> Material provided
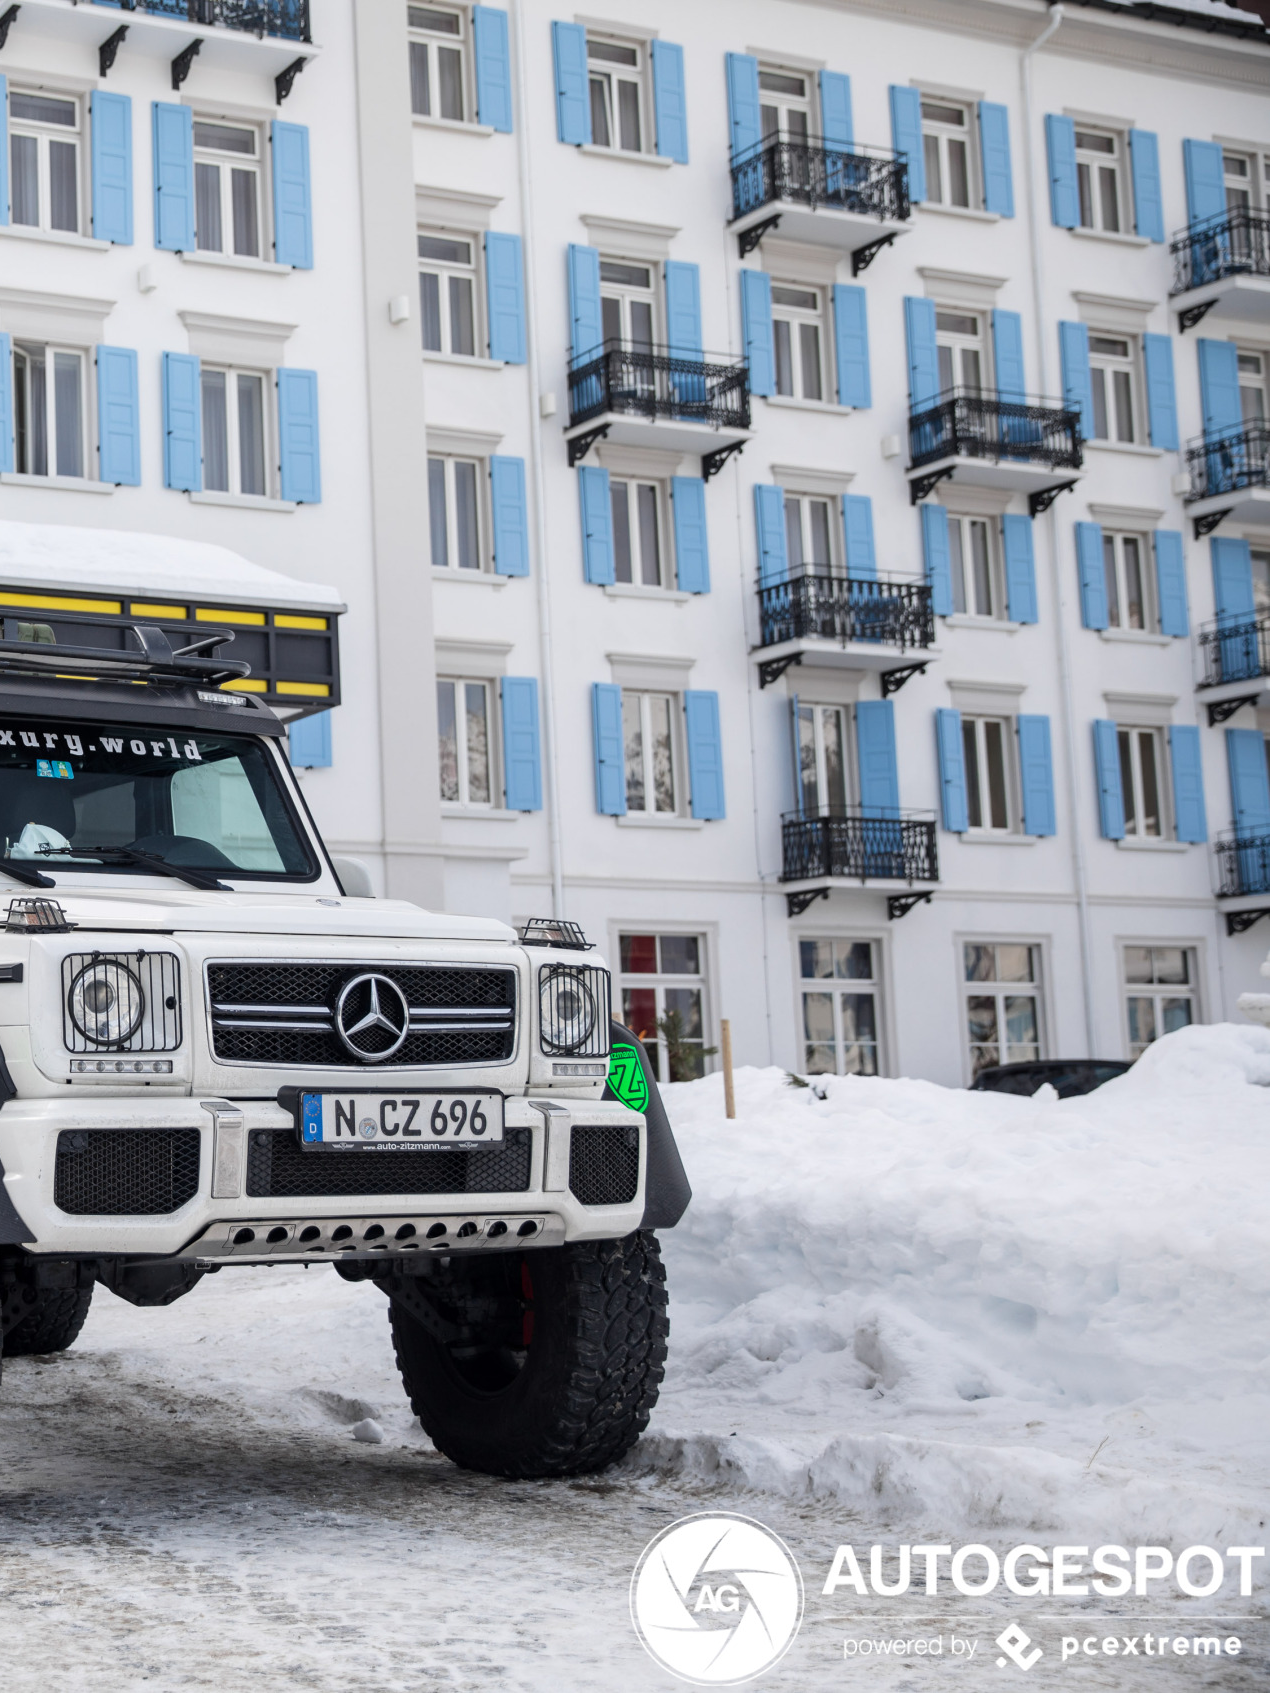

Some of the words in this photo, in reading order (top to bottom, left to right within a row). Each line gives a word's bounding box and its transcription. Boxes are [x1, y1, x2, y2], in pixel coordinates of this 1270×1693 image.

[334, 1099, 356, 1137] N
[379, 1099, 422, 1137] CZ
[430, 1099, 487, 1137] 696
[309, 1123, 317, 1134] D
[362, 1142, 451, 1150] www.auto-zitzmann.com

> Exercise aim
Exactly as written, return each line above and leave the pictures behind.

> Answer to this exercise
Some of the words in this photo, in reading order (top to bottom, left to right within a row). Each line gives a word's bounding box and its transcription. Boxes are [x1, y1, x2, y2], in pixel coordinates of this 1270×1693 image.

[334, 1099, 356, 1137] N
[379, 1099, 422, 1137] CZ
[430, 1099, 487, 1137] 696
[309, 1123, 317, 1134] D
[362, 1142, 451, 1150] www.auto-zitzmann.com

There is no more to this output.